John Jestyn Llewellin, 1st Baron Llewellin  (6 February 1893 – 24 January 1957) was a British army officer, Conservative Party politician and minister in Winston Churchill's war government.

Background
Llewellin was the son of William Llewellin, of Upton House, Dorset, and Frances Mary, daughter of L. D. Wigan.
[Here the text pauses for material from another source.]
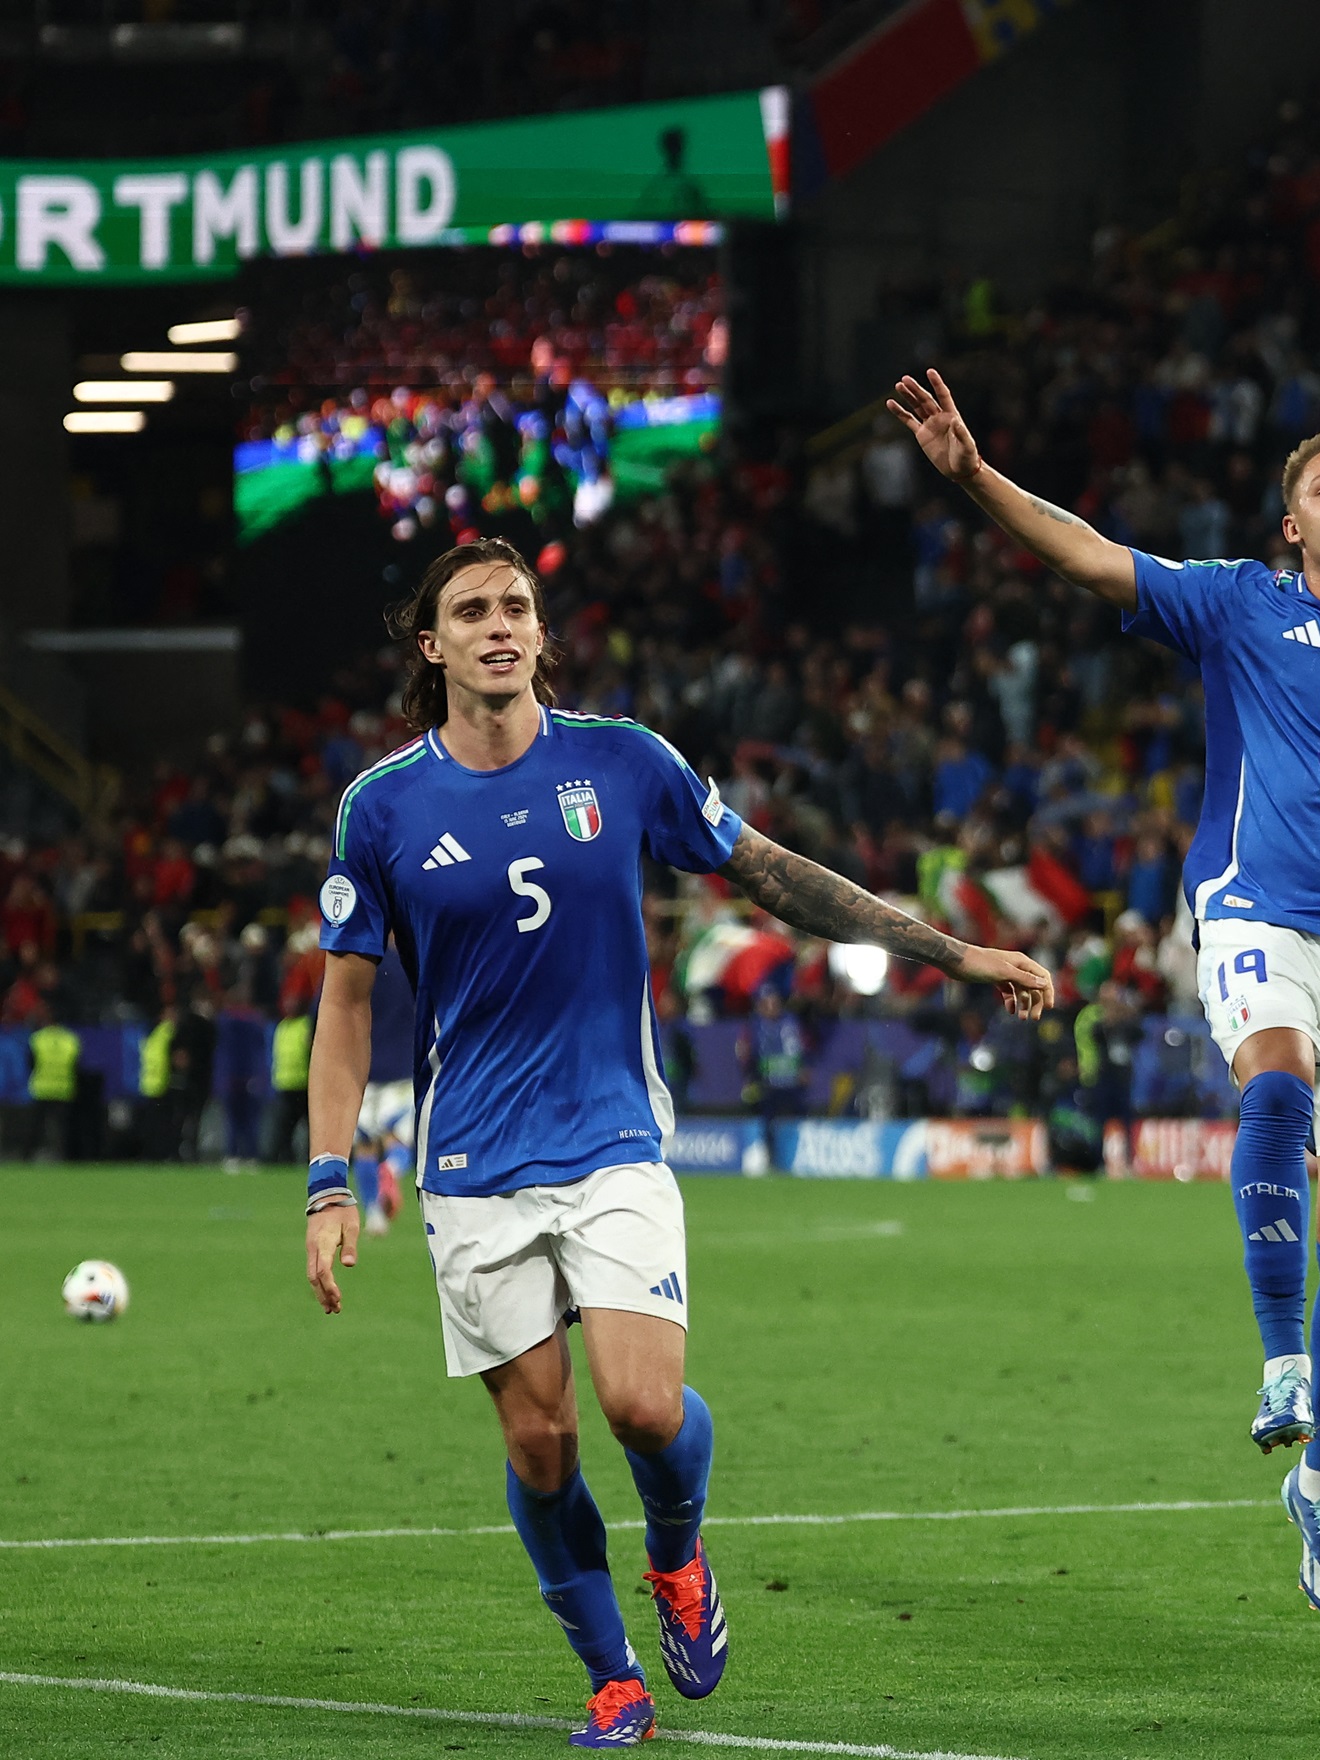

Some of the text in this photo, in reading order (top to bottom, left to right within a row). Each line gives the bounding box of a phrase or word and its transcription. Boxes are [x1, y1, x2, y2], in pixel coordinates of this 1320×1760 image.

He was educated at Eton.

Military career
Llewellin was commissioned into the Royal Garrison Artillery in 1914 and reached the rank of Major during the First World War, winning the Military Cross in 1917. He remained in the Territorial Army after the war and was promoted to Lieutenant-Colonel commanding the Dorset Heavy Brigade in 1932. He was promoted Colonel in 1936 and retired in 1938. He was appointed an Officer of the Order of the British Empire (OBE) in 1926, promoted to a Commander (CBE) in 1939, and then was made a Knight Grand Cross (GBE) in 1953.

Political career
Llewellin was elected Member of Parliament (MP) for Uxbridge in Middlesex in 1929. He held a number of ministerial posts in the Coalition government, eventually serving as President of the Board of Trade for two weeks in 1942. He subsequently became Minister of Aircraft Production until replaced by Sir Stafford Cripps in November 1942. Later, Llewellin served on the Combined Policy Committee set up by the British and United States governments under the Quebec Agreement of 1943 to oversee the construction of the atomic bomb.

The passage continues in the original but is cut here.